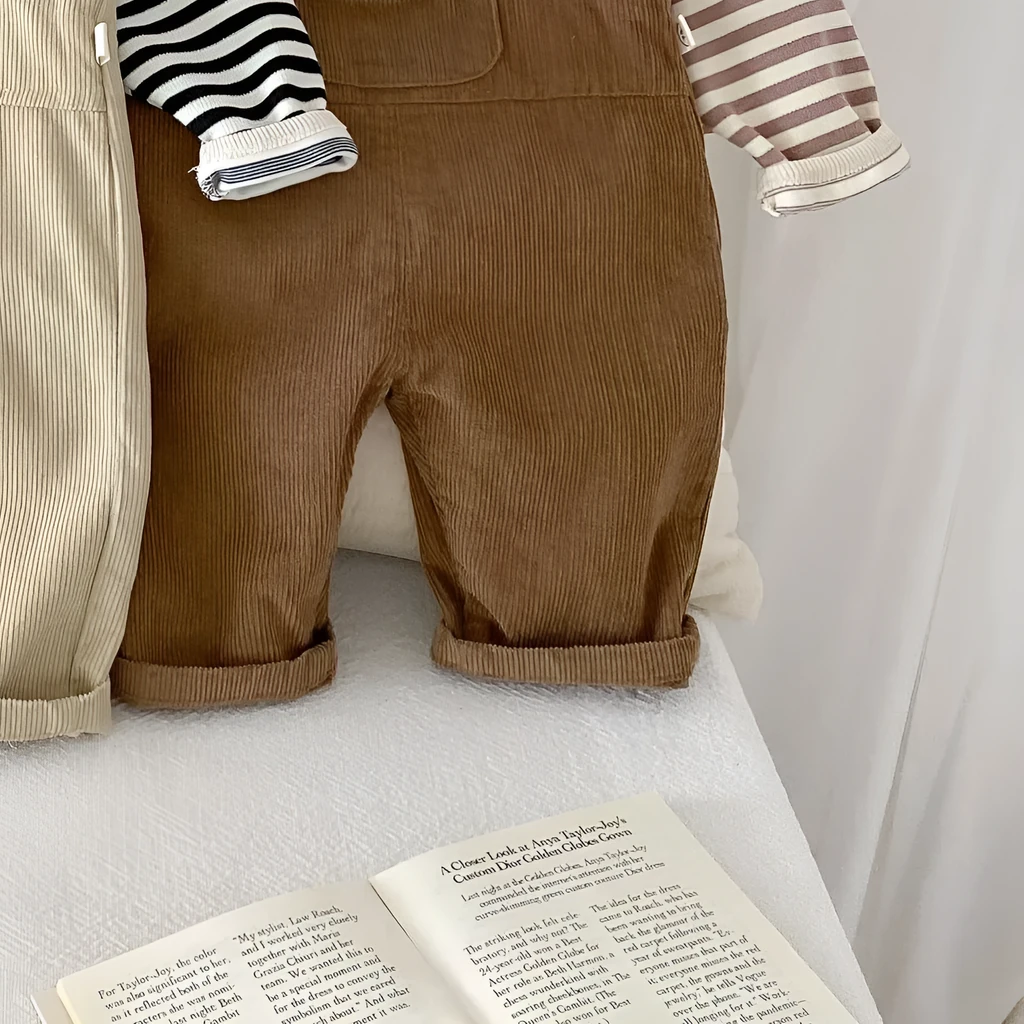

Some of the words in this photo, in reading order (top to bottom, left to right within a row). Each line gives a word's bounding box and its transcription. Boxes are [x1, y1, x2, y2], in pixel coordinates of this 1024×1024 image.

[440, 866, 452, 876] A
[450, 856, 487, 871] Closer
[486, 845, 519, 861] Look
[531, 836, 561, 852] Anya
[452, 866, 497, 884] Custom
[494, 859, 522, 871] Dior
[522, 846, 563, 864] Golden
[597, 827, 633, 842] Gown
[241, 942, 260, 957] and
[304, 922, 326, 933] very
[319, 941, 338, 955] and
[623, 942, 639, 954] red
[745, 943, 761, 955] red
[363, 954, 382, 967] and
[587, 965, 609, 977] with
[735, 971, 767, 982] Vogue
[672, 1006, 693, 1018] over
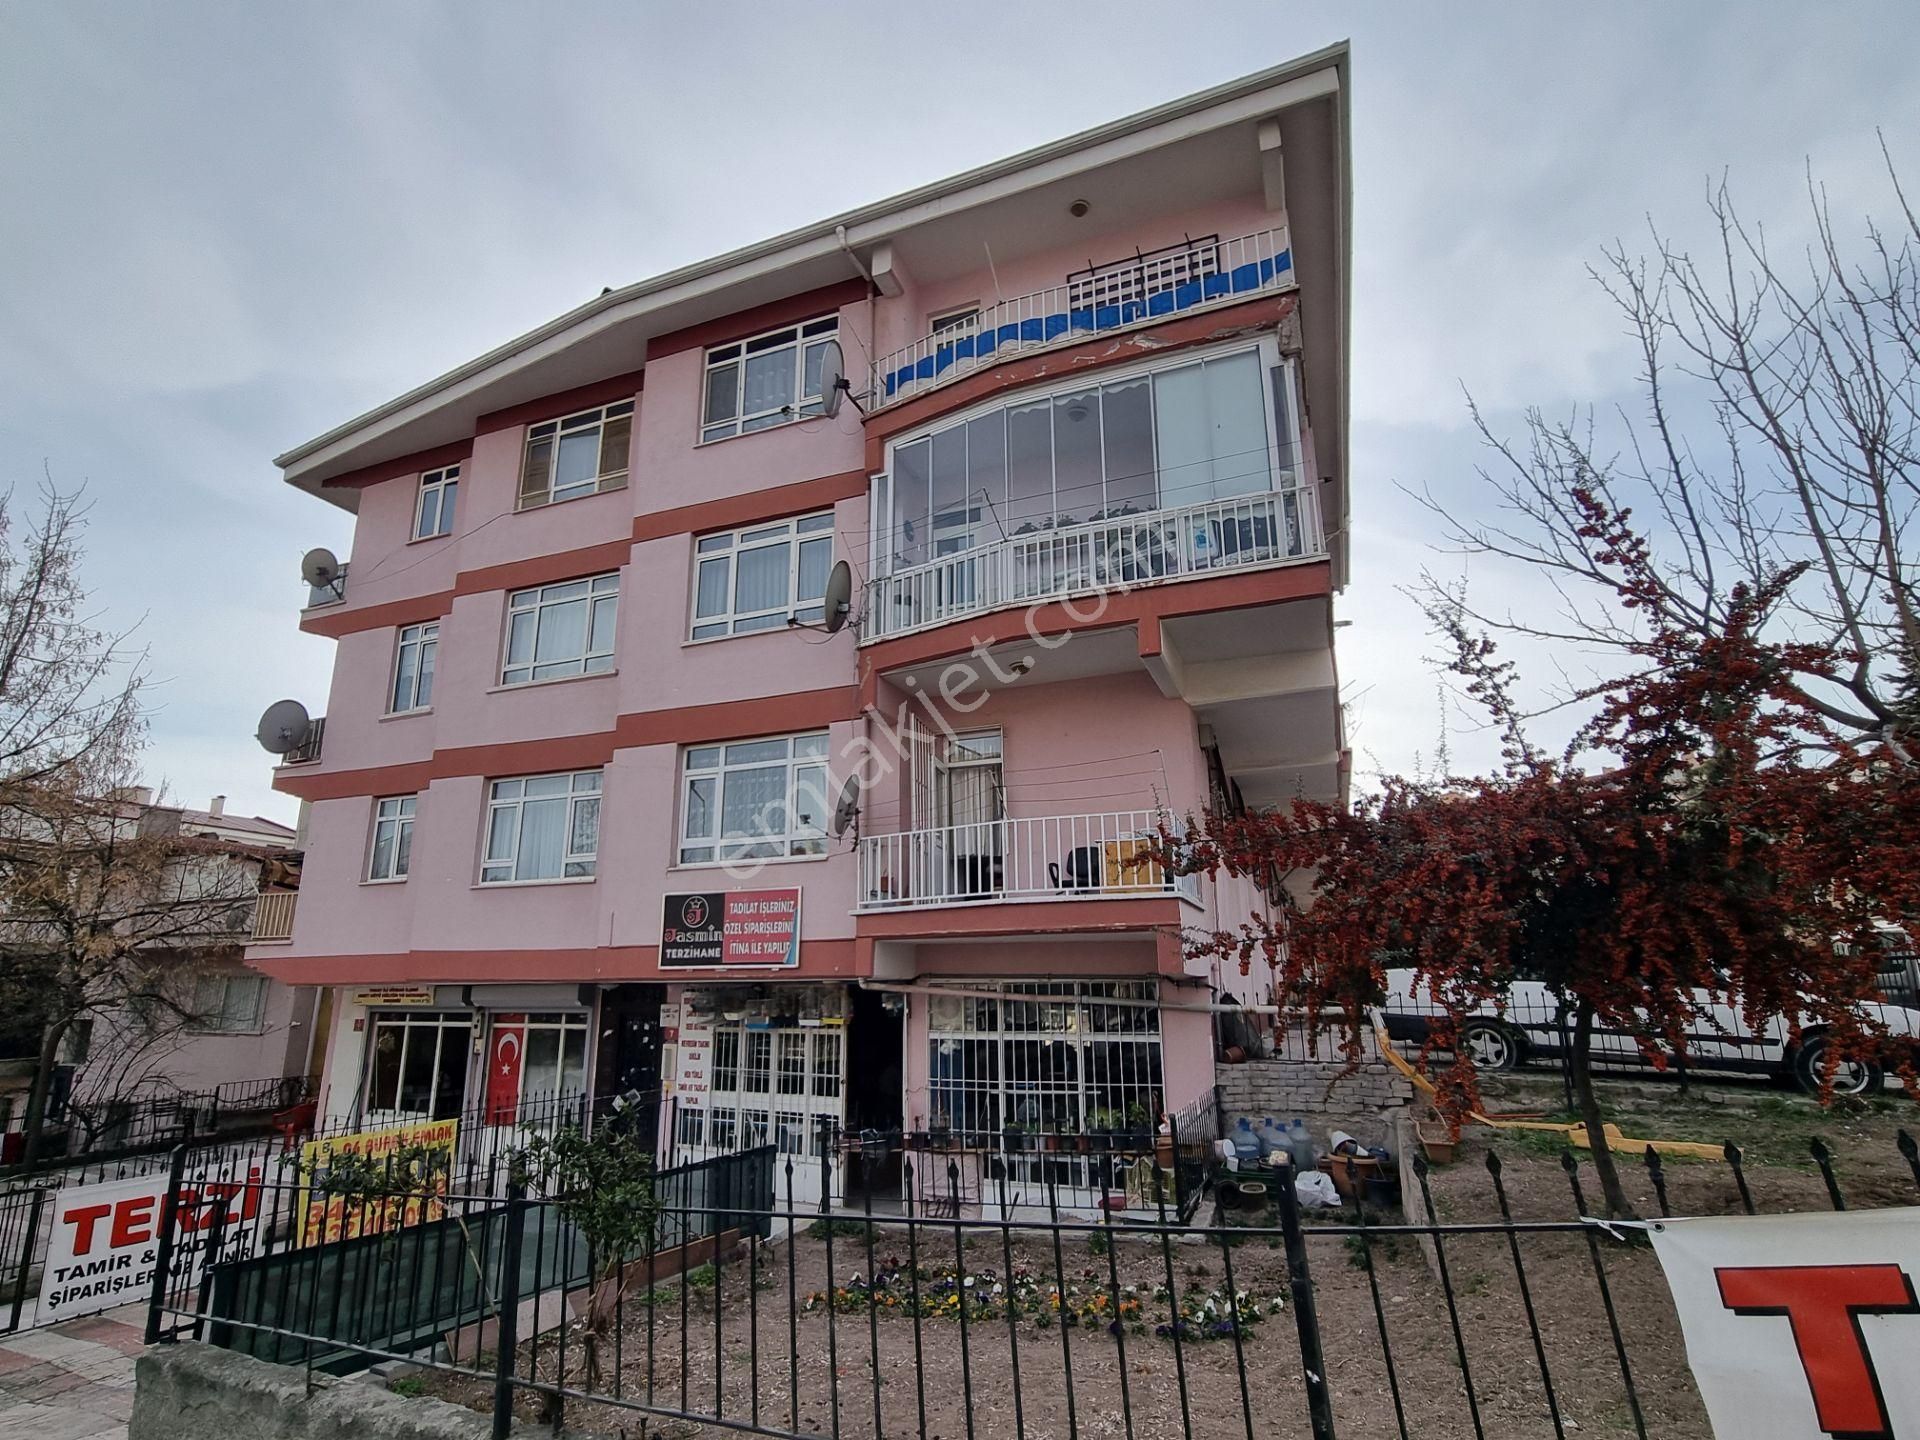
***
Please reproduce the records above exactly, omitting every picture.

= RESULT FOR THIS EXERCISE =
Some of the words in this photo, in reading order (top to bottom, left to right within a row). Each line gives a word's bounding box and its transcription. Boxes are [x1, y1, x2, y2], in pixel coordinates of this 1024×1024 image.

[440, 866, 452, 876] A
[450, 856, 487, 871] Closer
[486, 845, 519, 861] Look
[531, 836, 561, 852] Anya
[452, 866, 497, 884] Custom
[494, 859, 522, 871] Dior
[522, 846, 563, 864] Golden
[597, 827, 633, 842] Gown
[241, 942, 260, 957] and
[304, 922, 326, 933] very
[319, 941, 338, 955] and
[623, 942, 639, 954] red
[745, 943, 761, 955] red
[363, 954, 382, 967] and
[587, 965, 609, 977] with
[735, 971, 767, 982] Vogue
[672, 1006, 693, 1018] over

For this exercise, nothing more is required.